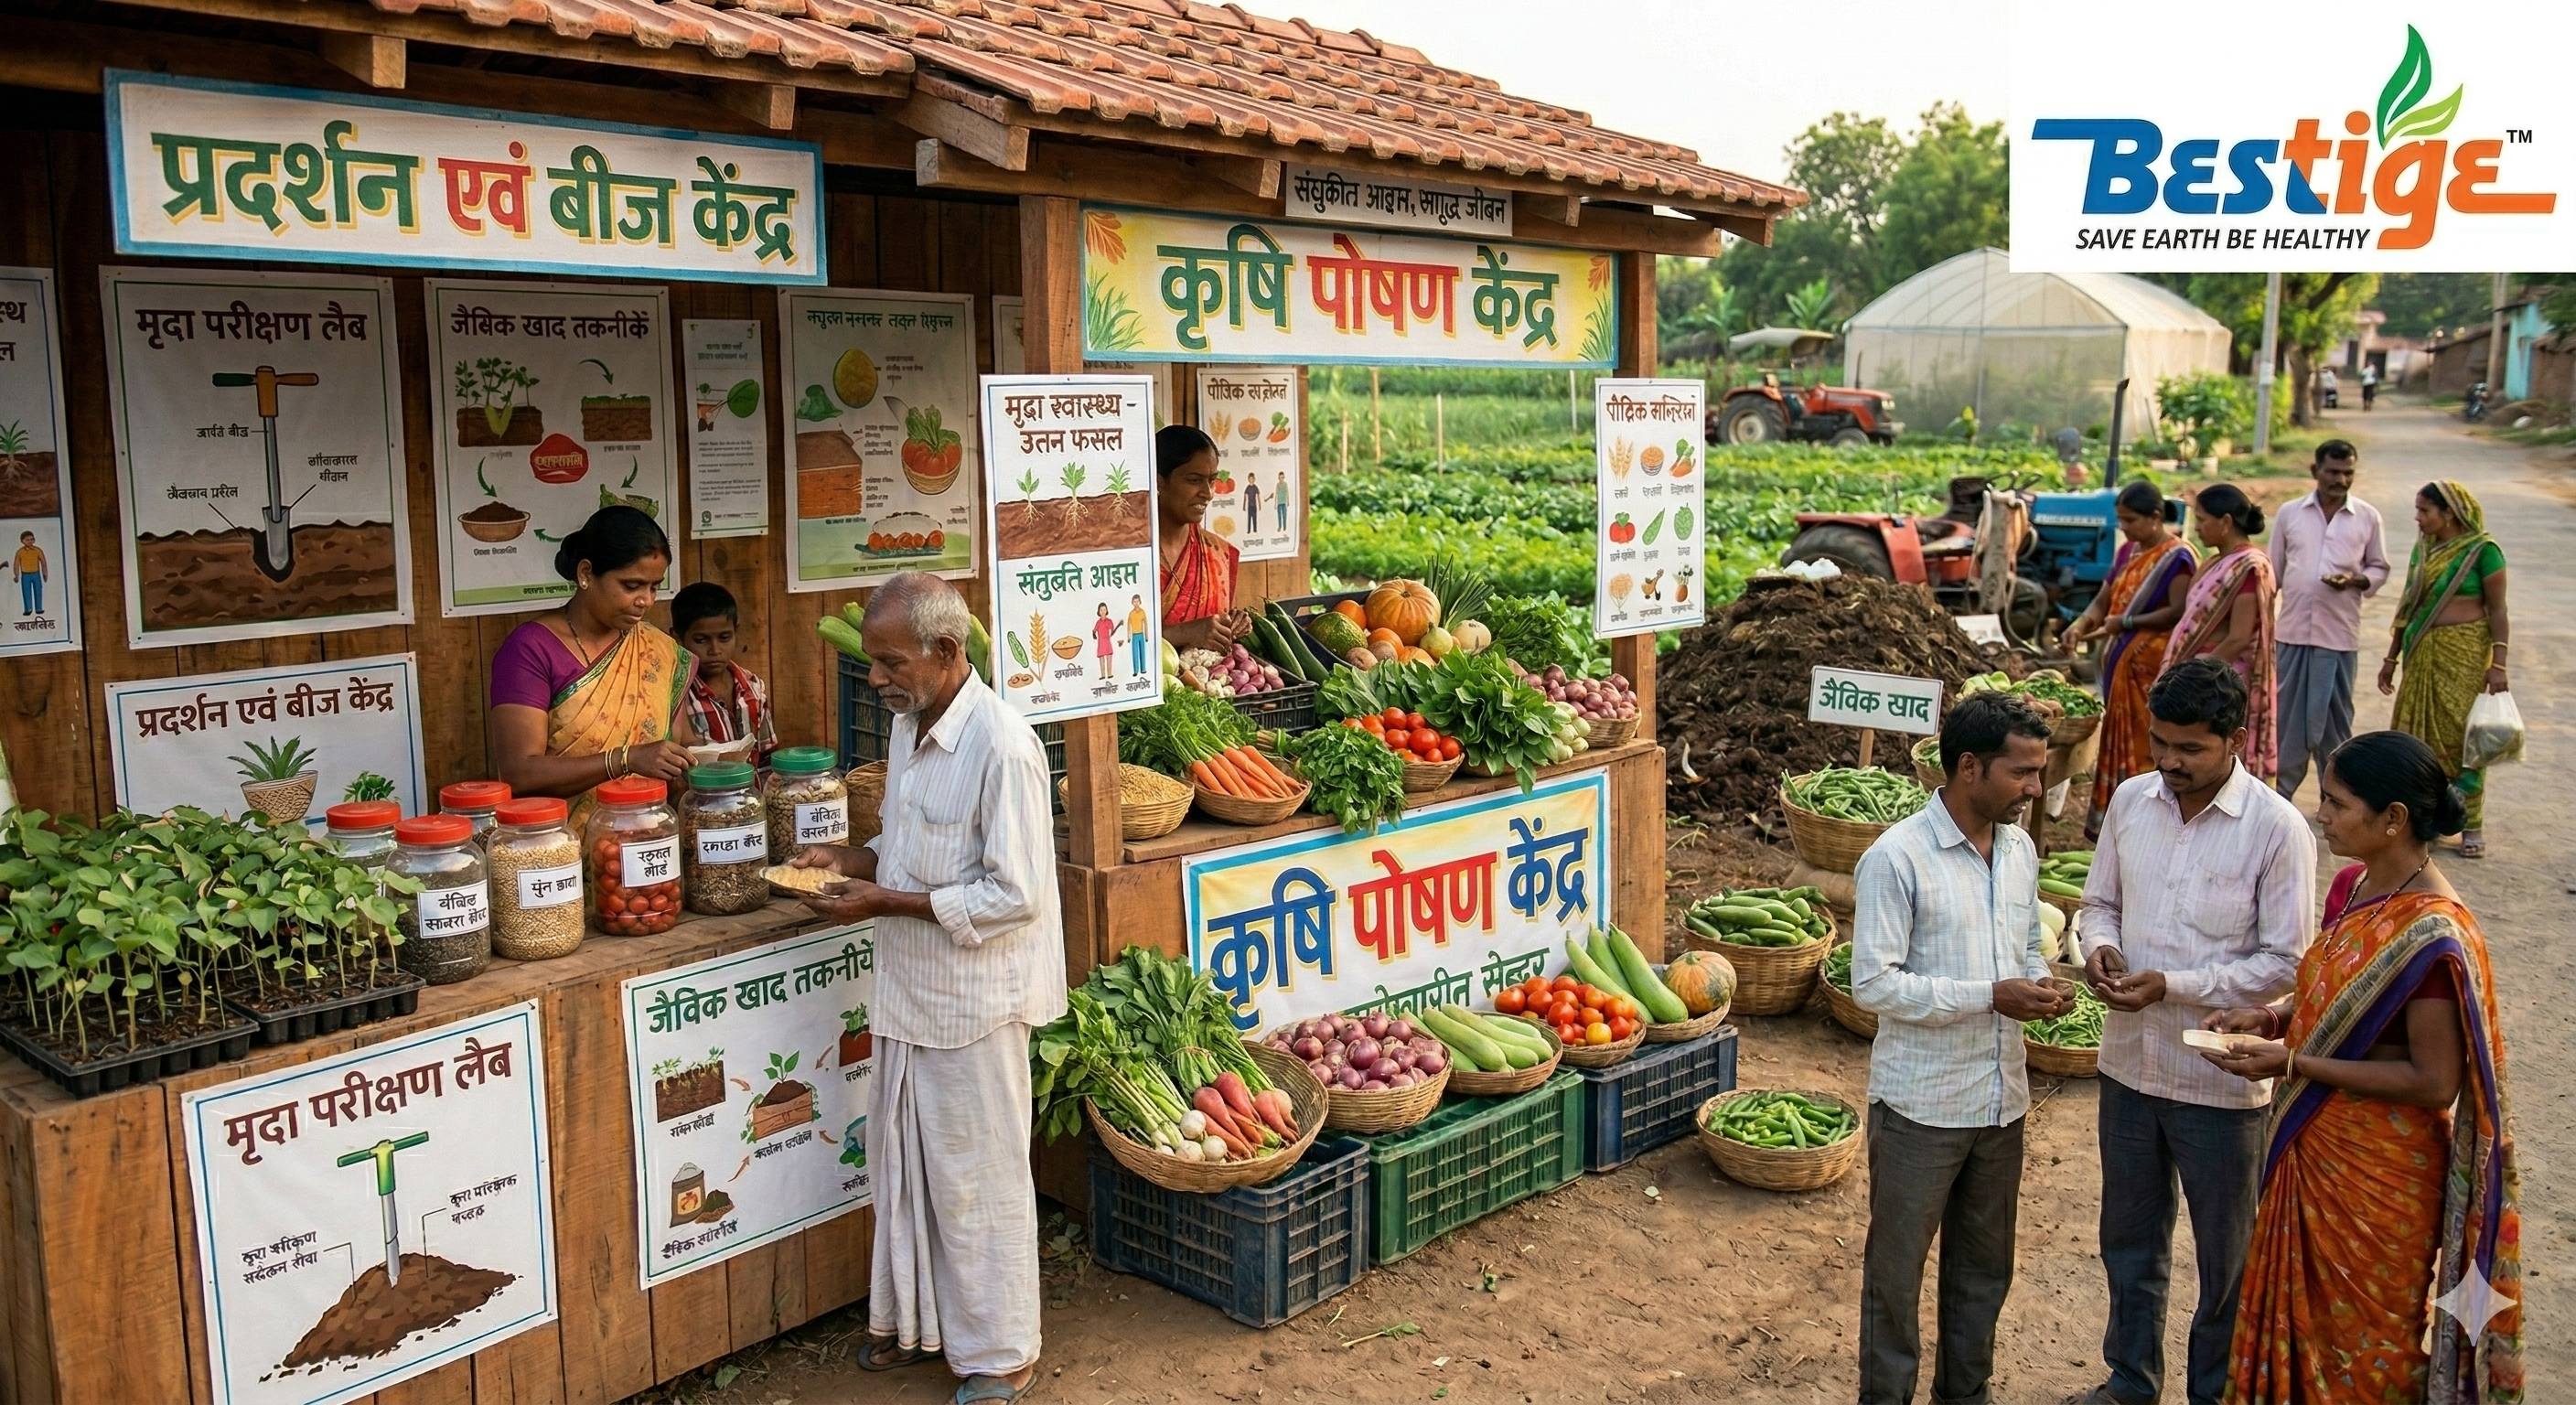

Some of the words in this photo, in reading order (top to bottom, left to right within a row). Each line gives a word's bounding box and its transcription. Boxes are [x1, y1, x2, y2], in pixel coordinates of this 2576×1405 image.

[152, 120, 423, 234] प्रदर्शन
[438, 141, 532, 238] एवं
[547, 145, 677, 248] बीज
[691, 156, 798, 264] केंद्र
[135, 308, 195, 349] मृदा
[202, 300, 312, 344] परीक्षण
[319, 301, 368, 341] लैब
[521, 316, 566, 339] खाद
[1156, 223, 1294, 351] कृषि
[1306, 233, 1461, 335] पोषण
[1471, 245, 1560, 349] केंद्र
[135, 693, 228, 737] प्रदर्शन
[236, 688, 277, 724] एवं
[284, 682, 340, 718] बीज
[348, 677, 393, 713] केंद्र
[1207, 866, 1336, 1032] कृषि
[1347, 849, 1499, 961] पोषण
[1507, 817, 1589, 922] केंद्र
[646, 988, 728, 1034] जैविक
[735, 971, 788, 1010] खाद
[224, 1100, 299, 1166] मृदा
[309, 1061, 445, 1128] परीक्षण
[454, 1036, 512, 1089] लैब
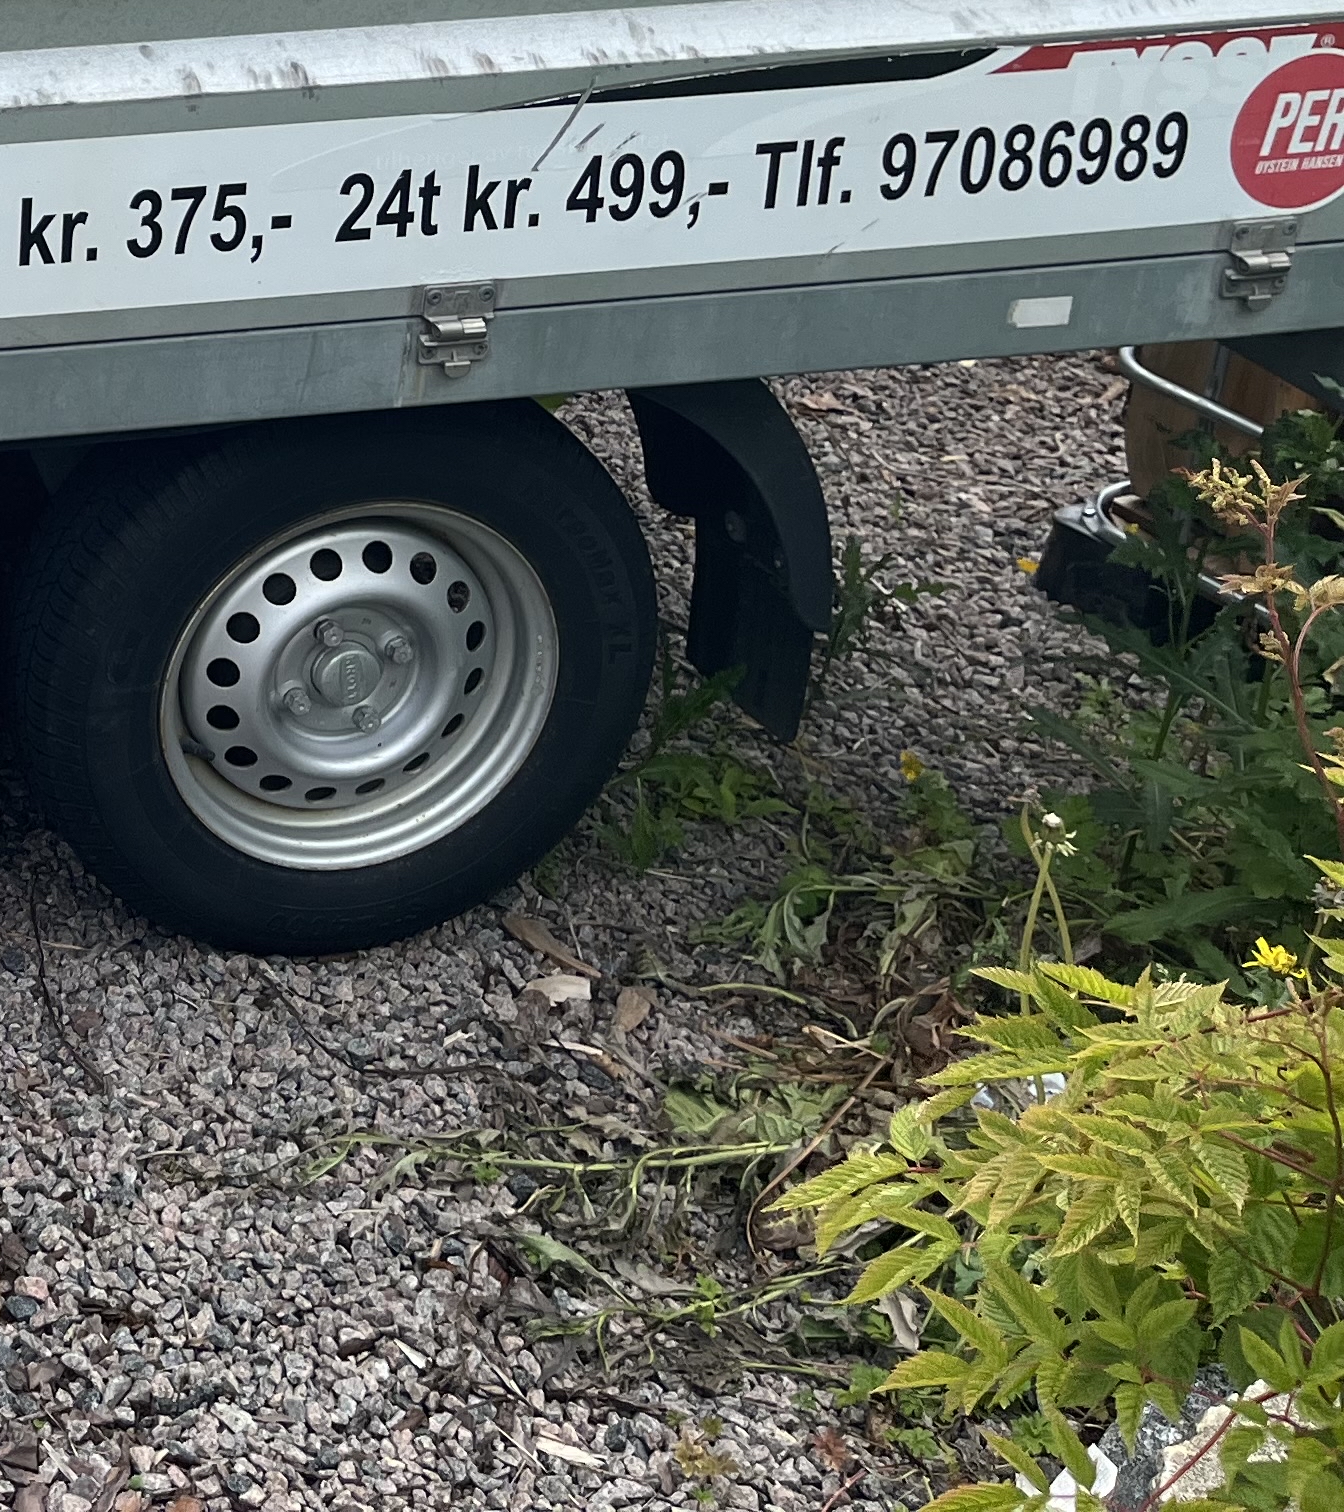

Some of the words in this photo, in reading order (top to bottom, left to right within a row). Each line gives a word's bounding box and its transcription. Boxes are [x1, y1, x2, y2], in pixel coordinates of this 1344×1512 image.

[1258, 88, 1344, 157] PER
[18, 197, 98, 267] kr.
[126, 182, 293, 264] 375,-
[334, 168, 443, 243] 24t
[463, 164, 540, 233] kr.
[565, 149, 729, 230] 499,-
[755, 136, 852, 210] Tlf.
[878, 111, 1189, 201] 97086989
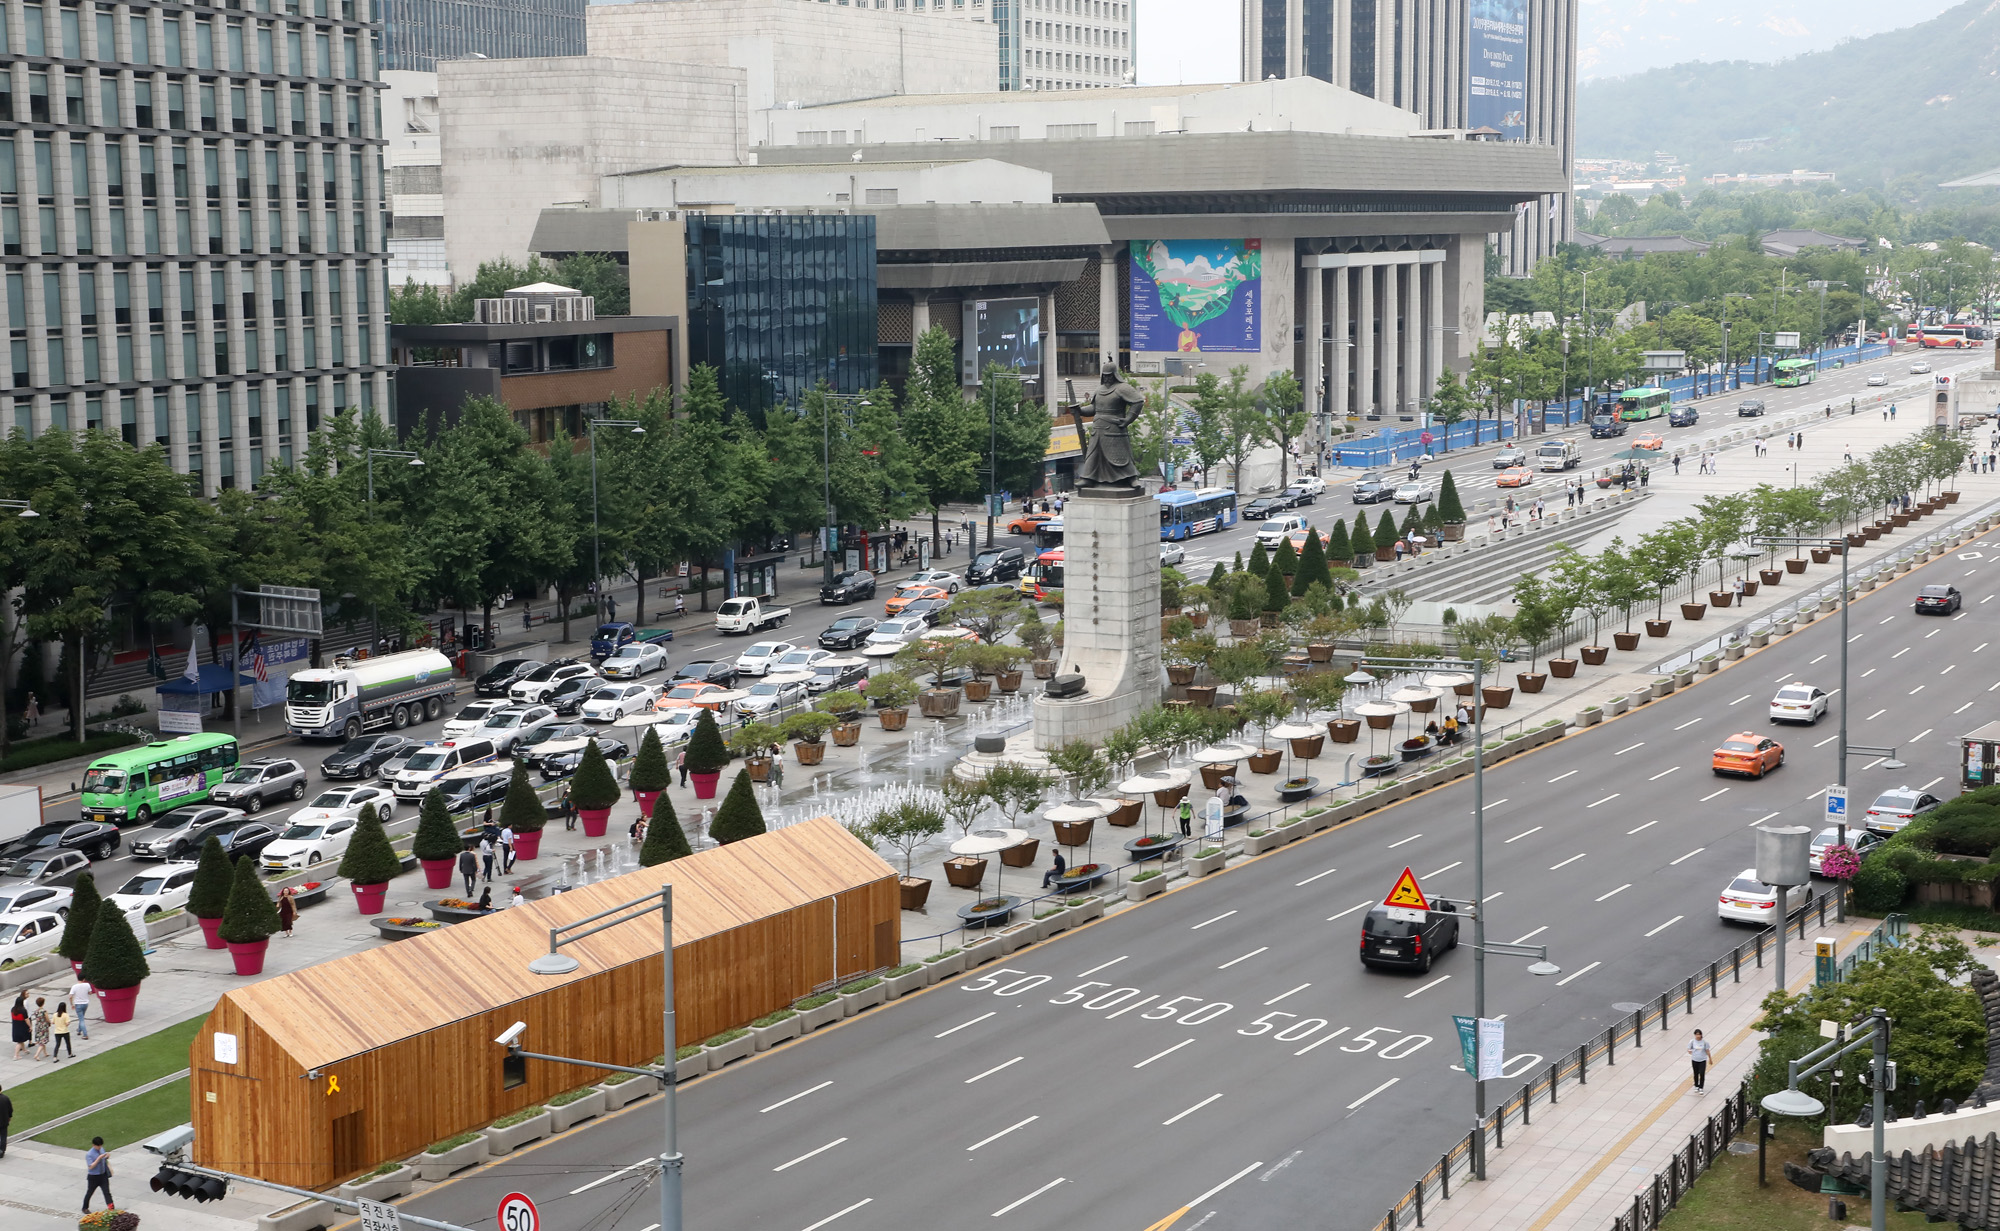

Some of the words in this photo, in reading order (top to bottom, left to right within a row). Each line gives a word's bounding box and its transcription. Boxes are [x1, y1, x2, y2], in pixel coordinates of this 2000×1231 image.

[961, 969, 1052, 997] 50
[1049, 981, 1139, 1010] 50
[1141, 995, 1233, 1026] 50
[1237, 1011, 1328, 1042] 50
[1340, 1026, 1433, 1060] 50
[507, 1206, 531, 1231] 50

EXERCISE DESCRIPTION -
Print from the line containing "this 2000×1231 image." to the last line above, exactly as written.

WRITTEN RESPONSE -
Some of the words in this photo, in reading order (top to bottom, left to right within a row). Each line gives a word's bounding box and its transcription. Boxes are [x1, y1, x2, y2], in pixel coordinates of this 2000×1231 image.

[961, 969, 1052, 997] 50
[1049, 981, 1139, 1010] 50
[1141, 995, 1233, 1026] 50
[1237, 1011, 1328, 1042] 50
[1340, 1026, 1433, 1060] 50
[507, 1206, 531, 1231] 50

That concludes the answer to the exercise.